At bedtime, keep your phone off your nightstand. This will help prevent nightime phone checks and also prevent you from reaching for your phone the first thing in the morning. Tell family members or colleagues to call you if there’s an emergency.”

 

 

My image was constructed by filling a silhouette of brain activity from Openclipart with an image of popcorn from Wikimedia Commons.

 


Monday, March 25, 2024

Do you like fried bologna sandwiches?

 


 

 

 

 

 

 

 

 

 

 

 

 

 

I have not tried them. But at the public library I recently found New York Times book critic Dwight Garner’s 2023 book The Upstairs Delicatessen. It is subtitled On Eating, Reading, Reading About Eating, and Eating While Reading. On March 24, 2024 I blogged about his writing about one offbeat combination in a post titled Have you ever eaten a peanut butter and pickle sandwich? Bologna Sandwiches are another offbeat combination, and there is a Wikipedia page about them. On page 103 Mr. Garner said:

 

“The other sandwich of my West Virginia youth that lives on in my mind, and in my kitchen, to Cree’s dismay, is fried bologna. Robert Sietsema, the great New York City food writer, is a devotee. He once worked in a Texas hospital where there was, amazingly, ‘a hot vending machine that sold nothing but fried baloney sandwiches on biscuits, oozing grease and mustard.’ I’ve scoured eBay for one of these, to no avail. The fried bologna sandwich is probably the sort of dish Jonathan Gold was referring to when he wrote about ‘the secret ethic cooking of the Dumb White Guy.’ But everyone likes them. Henry Louis Gates is an admirer. He grew up in Piedmont, West Virginia, about two hours east of where my family lived. In Colored People, his memoir, he wrote about a brand of bologna I wish I’d known about: Dent Davis’s Famous Homemade Ring Bologna, sold at a bakery. Gates called it ‘one of Piedmont’s singular attractions … dark red, with a tight, crimson, translucent skin.’ “

 

For nine years I lived in Columbus, Ohio. Forty miles north is the village of Waldo. It is home of the G & R Tavern. There is an article about the sandwich at Roadfood, and also a four-minute YouTube video at WOSU titled G & R Tavern’s Fried Bologna: Historic Idaho Food Establishments – which describes how their famous ‘fried’ (really grilled) bologna round is topped with Monterrey Jack cheese, pickle chips, and onions.  

 

The image from Wikimedia Commons shows a Blue Smoke Bologna Sandwich from Nationals Stadium in Washington, DC.

 


Sunday, March 24, 2024

Have you ever eaten a peanut butter and pickle sandwich?

 


 

 

 

 

 

 

 

 

 

I have.

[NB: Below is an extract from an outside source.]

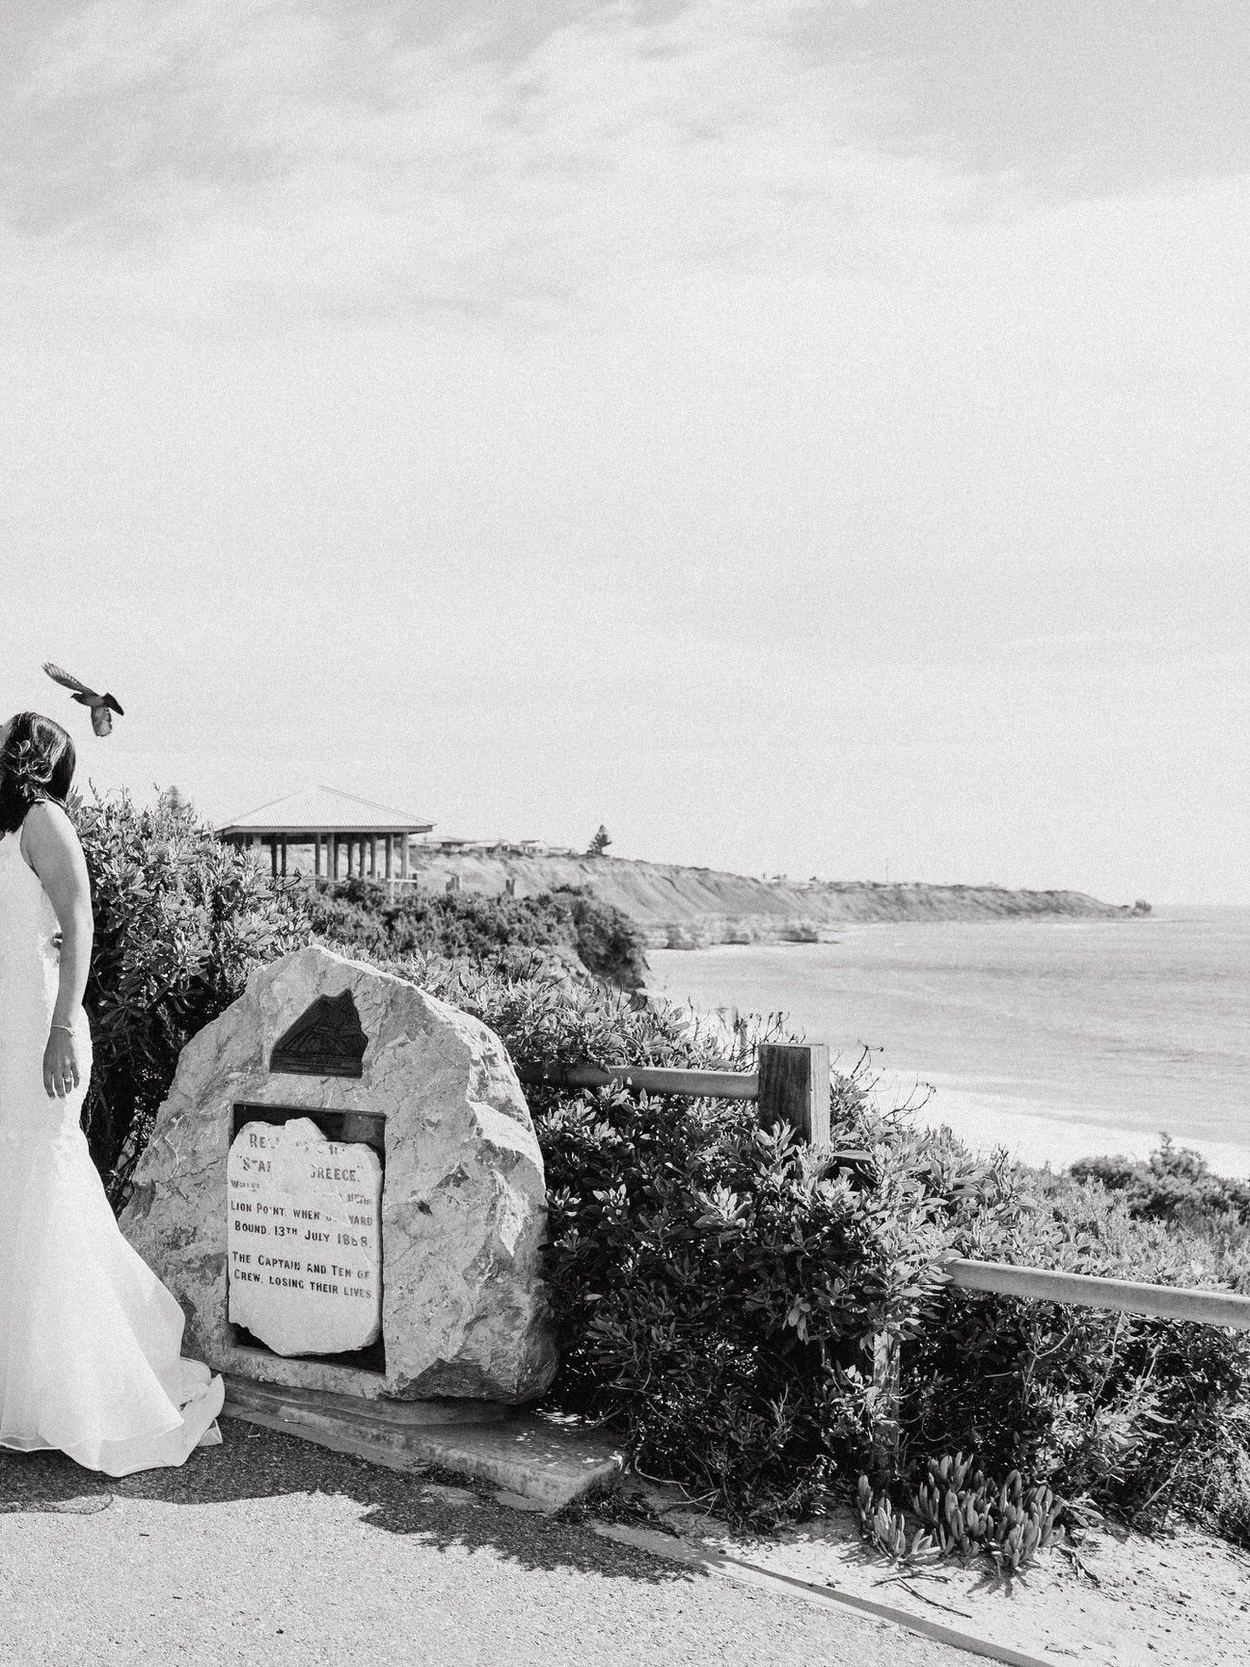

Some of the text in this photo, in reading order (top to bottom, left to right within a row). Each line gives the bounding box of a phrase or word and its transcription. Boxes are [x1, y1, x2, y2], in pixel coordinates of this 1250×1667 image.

Mine are open-faced, topped with bread-and-butter-pickles. My mom had seen them described in an old Heinz cookbook. There even is a Wikipedia page on the Peanut Butter and Pickle Sandwich.

 

At the public library I recently found New York Times book critic Dwight Garner’s 2023 book The Upstairs Delicatessen. It is subtitled On Eating, Reading, Reading About Eating, and Eating While Reading. On page 101 he discusses on the peanut butter and pickle sandwich:

 

“Most days, I eat lunch at home. I make do with what’s in the house. Usually that means a sandwich – two pieces of bread, blank canvases, pale Mark Rothko slabs. I can be as geeky as the next person with the jamon iberico, or with the writer Julia Reed’s mother’s tuna salad, but I’m also on the record as being perhaps America’s most ardent consumer of the peanut butter and pickle sandwich.

 

It's a sandwich that my father bequeathed to me, the thrifty one that got him through law school. I wrote about the combination in 2012 for the Times food section. I called the sandwich the stay-at-home writer’s friend, there for you when nothing else was in the icebox. My essay prompted so much grossing out on social media, then in newspapers worldwide, that I fear that when I die, should I merit even a tiny obituary, the sandwich will be mentioned near the top (‘Dwight Garner, Literary Critic and Champion of Gross Sandwich Dies at 87’). I’ve always assumed that the PB&P was a West Virginia thing, but I’ve been unable to prove it. Neither has Emily Hilliard, the former state folklorist, who tried harder than I did. The sandwich appeared om lunch-counter menus during the Depression and in extension-service cookbooks in the 1930s and ‘40s in recipes that generally called for a few spoonfuls of pickle relish.”  

 

Mr. Garner’s 2012 Times article mentions that Kinsey Millhone, the fictional private investigator in the alphabet series of mysteries by Sue Grafton (all but the letter Z), is probably America’s best-known devotee.

 

Back on May 16, 2011 I blogged about Is arachibutyrophobia for real? That is a phobia of peanut butter sticking to the roof of your mouth. I mentioned the pickles as a remedy.

 

An image of a sandwich was modified from this one at Wikimedia Commons.

 


Friday, March 22, 2024

Could you write a speech consisting of nothing but questions?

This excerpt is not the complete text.